What to work on: Print each line exactly, beginning with the one where "this 1600×1067 image." appears and ending at the last line below.

━━━━

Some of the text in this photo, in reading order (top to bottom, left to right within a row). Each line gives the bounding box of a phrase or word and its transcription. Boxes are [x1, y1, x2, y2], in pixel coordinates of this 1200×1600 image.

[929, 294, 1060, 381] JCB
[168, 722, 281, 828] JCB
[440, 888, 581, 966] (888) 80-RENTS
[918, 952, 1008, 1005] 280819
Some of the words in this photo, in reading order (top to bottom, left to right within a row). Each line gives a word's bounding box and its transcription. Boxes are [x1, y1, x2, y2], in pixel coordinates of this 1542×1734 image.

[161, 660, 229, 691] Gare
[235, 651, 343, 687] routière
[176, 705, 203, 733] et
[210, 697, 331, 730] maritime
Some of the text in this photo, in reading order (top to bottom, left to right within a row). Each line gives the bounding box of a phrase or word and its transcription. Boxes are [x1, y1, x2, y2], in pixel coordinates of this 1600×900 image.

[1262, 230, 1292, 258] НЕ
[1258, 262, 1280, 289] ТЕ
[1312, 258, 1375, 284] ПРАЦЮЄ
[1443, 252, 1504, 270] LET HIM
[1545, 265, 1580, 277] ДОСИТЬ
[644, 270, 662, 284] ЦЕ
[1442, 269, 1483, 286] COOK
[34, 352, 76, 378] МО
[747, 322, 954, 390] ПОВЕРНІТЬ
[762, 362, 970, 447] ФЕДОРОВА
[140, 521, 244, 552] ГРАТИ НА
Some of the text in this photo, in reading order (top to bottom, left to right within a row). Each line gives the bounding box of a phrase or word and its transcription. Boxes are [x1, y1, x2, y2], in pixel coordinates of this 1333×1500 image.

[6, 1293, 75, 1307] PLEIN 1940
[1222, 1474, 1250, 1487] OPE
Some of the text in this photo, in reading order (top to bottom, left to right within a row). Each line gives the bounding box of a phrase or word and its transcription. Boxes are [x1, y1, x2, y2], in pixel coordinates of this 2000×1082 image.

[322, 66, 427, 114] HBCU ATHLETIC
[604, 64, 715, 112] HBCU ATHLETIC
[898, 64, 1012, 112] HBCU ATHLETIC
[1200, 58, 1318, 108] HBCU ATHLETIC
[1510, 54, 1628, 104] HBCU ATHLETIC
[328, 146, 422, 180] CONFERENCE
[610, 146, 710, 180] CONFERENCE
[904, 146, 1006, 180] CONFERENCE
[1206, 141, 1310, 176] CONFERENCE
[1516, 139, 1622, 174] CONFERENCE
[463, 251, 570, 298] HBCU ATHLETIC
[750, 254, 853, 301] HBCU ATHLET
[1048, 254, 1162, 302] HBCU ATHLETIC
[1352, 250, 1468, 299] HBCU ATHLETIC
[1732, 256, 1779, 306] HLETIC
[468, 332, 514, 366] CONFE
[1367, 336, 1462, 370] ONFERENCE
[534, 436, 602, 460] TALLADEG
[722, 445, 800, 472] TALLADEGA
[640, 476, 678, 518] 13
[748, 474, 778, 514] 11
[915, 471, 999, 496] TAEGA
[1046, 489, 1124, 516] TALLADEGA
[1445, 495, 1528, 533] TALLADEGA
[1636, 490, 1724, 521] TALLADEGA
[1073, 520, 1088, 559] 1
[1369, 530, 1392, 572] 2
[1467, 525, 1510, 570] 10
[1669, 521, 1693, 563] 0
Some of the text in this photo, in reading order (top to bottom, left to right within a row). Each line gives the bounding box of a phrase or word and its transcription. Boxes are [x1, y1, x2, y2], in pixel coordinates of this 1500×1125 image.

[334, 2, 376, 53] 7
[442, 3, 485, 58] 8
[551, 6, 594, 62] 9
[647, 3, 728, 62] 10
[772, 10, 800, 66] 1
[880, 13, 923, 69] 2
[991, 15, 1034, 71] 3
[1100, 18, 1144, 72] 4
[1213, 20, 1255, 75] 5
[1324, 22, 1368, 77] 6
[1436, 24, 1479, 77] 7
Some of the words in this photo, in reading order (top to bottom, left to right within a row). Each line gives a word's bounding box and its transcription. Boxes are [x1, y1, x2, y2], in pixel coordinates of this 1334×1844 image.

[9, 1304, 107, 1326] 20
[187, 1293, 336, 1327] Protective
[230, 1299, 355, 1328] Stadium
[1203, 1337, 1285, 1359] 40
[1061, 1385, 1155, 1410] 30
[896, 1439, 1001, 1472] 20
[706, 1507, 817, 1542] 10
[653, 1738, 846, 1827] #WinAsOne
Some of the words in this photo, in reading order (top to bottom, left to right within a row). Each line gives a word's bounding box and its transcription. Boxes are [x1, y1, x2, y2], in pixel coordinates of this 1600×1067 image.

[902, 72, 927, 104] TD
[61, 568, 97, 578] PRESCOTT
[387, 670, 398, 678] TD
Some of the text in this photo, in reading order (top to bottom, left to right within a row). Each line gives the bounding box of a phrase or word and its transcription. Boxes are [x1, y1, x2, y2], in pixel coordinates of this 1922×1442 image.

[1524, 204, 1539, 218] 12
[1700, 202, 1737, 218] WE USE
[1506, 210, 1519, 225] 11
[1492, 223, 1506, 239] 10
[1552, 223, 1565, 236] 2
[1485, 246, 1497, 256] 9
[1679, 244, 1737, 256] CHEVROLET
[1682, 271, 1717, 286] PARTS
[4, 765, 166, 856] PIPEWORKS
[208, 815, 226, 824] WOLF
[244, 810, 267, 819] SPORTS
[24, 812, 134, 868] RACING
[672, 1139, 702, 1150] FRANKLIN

━━━━

Output below:
Some of the words in this photo, in reading order (top to bottom, left to right within a row). Each line gives a word's bounding box and its transcription. Boxes are [x1, y1, x2, y2], in pixel coordinates of this 1600×1067 image.

[902, 72, 927, 104] TD
[61, 568, 97, 578] PRESCOTT
[387, 670, 398, 678] TD
Some of the text in this photo, in reading order (top to bottom, left to right within a row). Each line gives the bounding box of a phrase or word and its transcription. Boxes are [x1, y1, x2, y2], in pixel coordinates of this 1922×1442 image.

[1524, 204, 1539, 218] 12
[1700, 202, 1737, 218] WE USE
[1506, 210, 1519, 225] 11
[1492, 223, 1506, 239] 10
[1552, 223, 1565, 236] 2
[1485, 246, 1497, 256] 9
[1679, 244, 1737, 256] CHEVROLET
[1682, 271, 1717, 286] PARTS
[4, 765, 166, 856] PIPEWORKS
[208, 815, 226, 824] WOLF
[244, 810, 267, 819] SPORTS
[24, 812, 134, 868] RACING
[672, 1139, 702, 1150] FRANKLIN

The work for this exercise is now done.